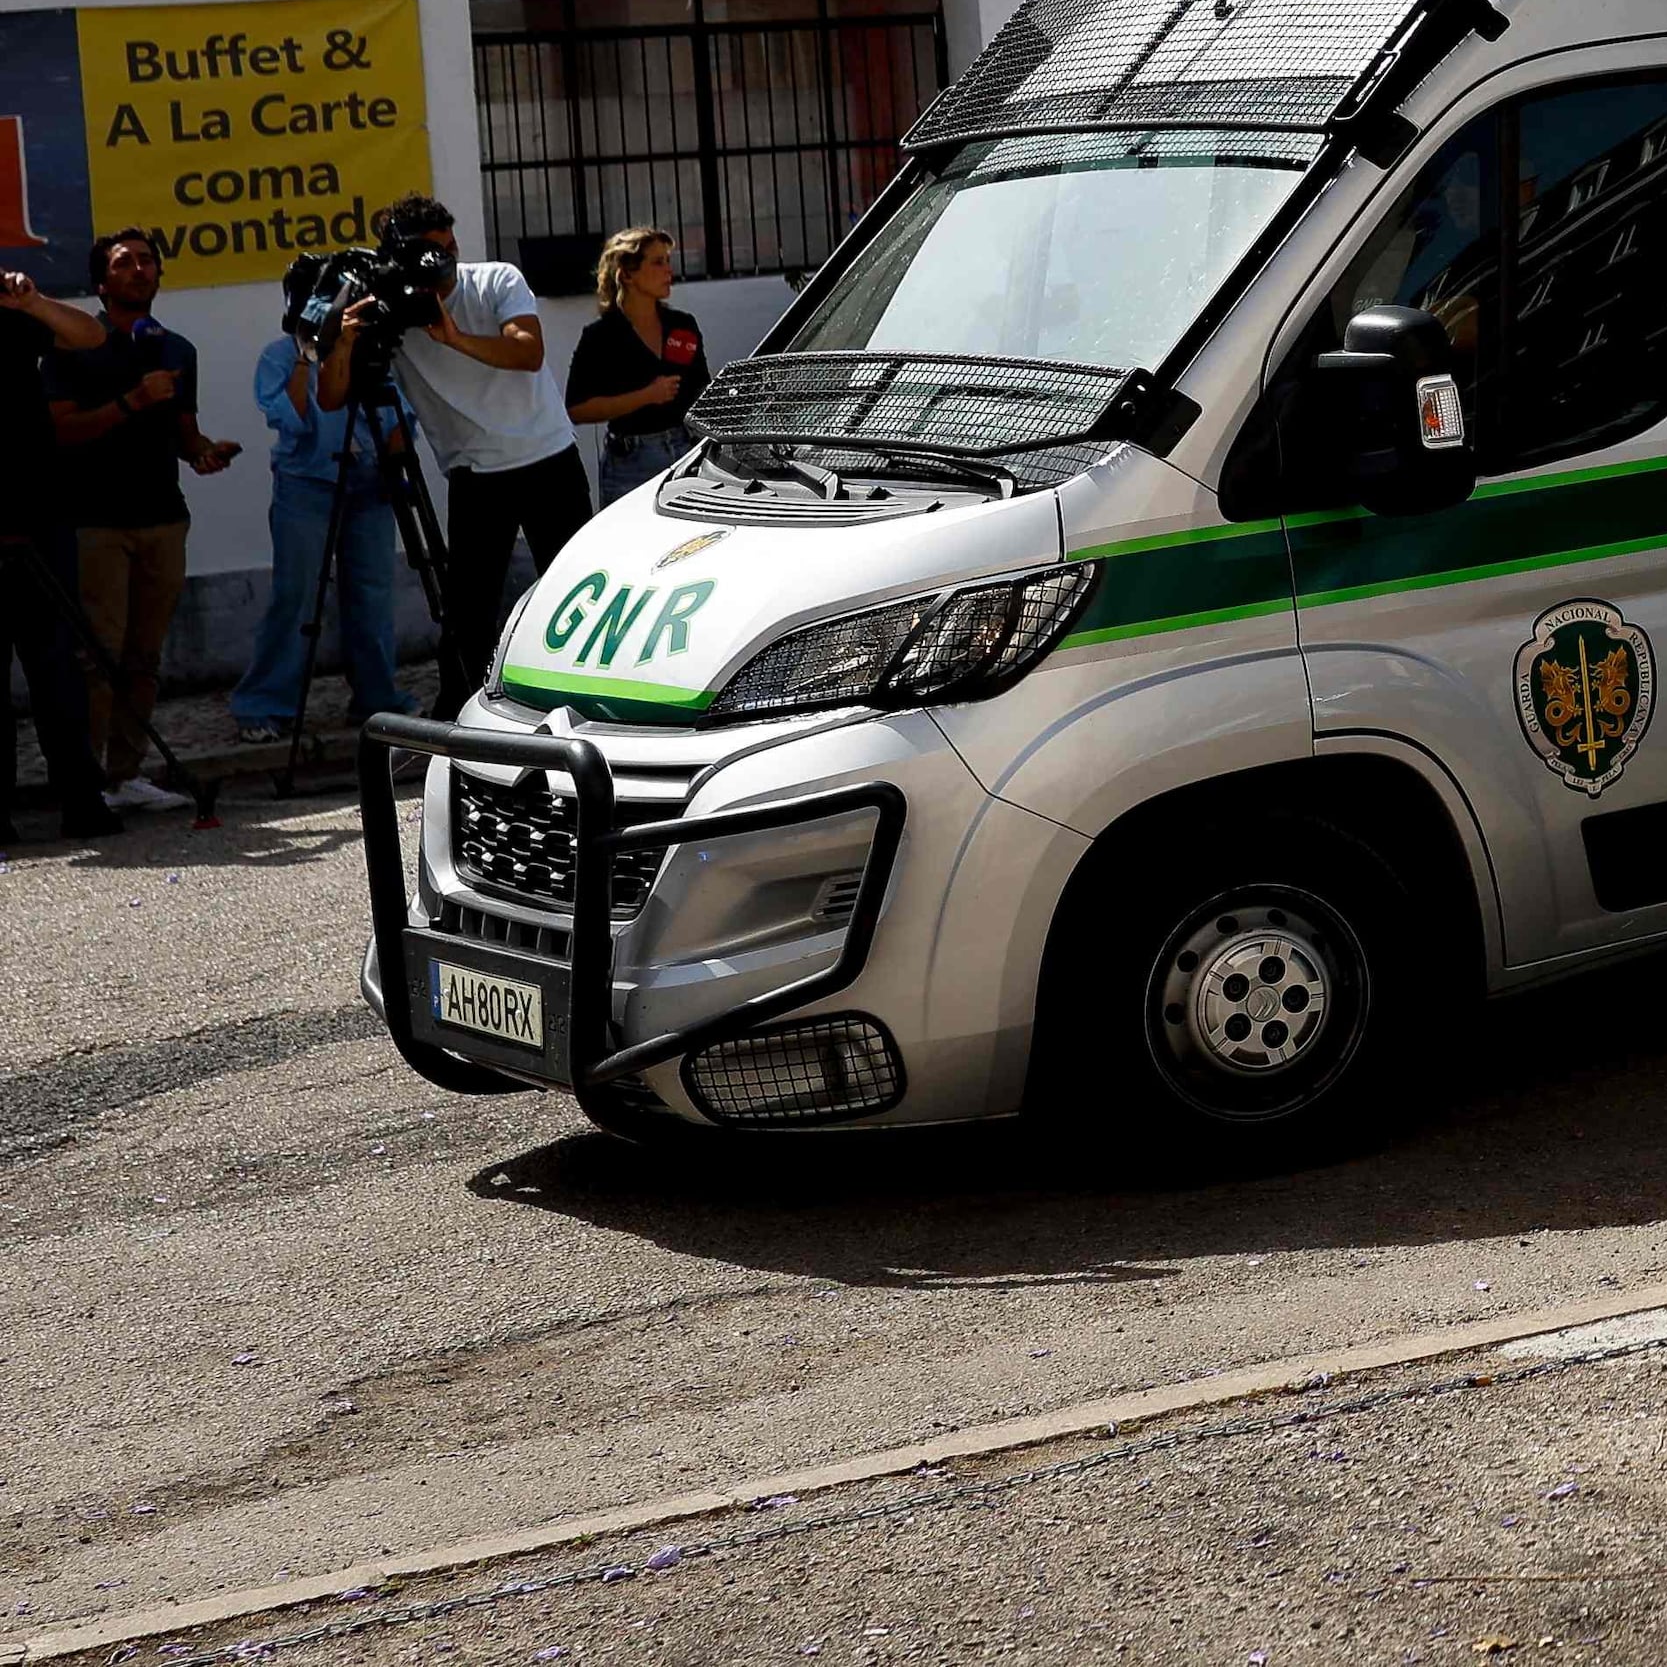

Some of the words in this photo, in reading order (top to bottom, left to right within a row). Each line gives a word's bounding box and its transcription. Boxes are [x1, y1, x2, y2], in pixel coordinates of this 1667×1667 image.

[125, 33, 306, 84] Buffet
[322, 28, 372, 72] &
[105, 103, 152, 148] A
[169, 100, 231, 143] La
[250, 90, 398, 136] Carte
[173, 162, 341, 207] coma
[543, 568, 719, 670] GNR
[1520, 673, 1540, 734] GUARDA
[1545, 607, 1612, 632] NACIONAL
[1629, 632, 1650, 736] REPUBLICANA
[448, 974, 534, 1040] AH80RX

• _AIM OF THE EXERCISE_
Reproduce each entry verbatim, excluding any embedded images.

• _WRITTEN RESPONSE_
Some of the words in this photo, in reading order (top to bottom, left to right within a row). Each line gives a word's bounding box and its transcription. Boxes are [x1, y1, x2, y2], in pixel coordinates of this 1667×1667 image.

[125, 33, 306, 84] Buffet
[322, 28, 372, 72] &
[105, 103, 152, 148] A
[169, 100, 231, 143] La
[250, 90, 398, 136] Carte
[173, 162, 341, 207] coma
[543, 568, 719, 670] GNR
[1520, 673, 1540, 734] GUARDA
[1545, 607, 1612, 632] NACIONAL
[1629, 632, 1650, 736] REPUBLICANA
[448, 974, 534, 1040] AH80RX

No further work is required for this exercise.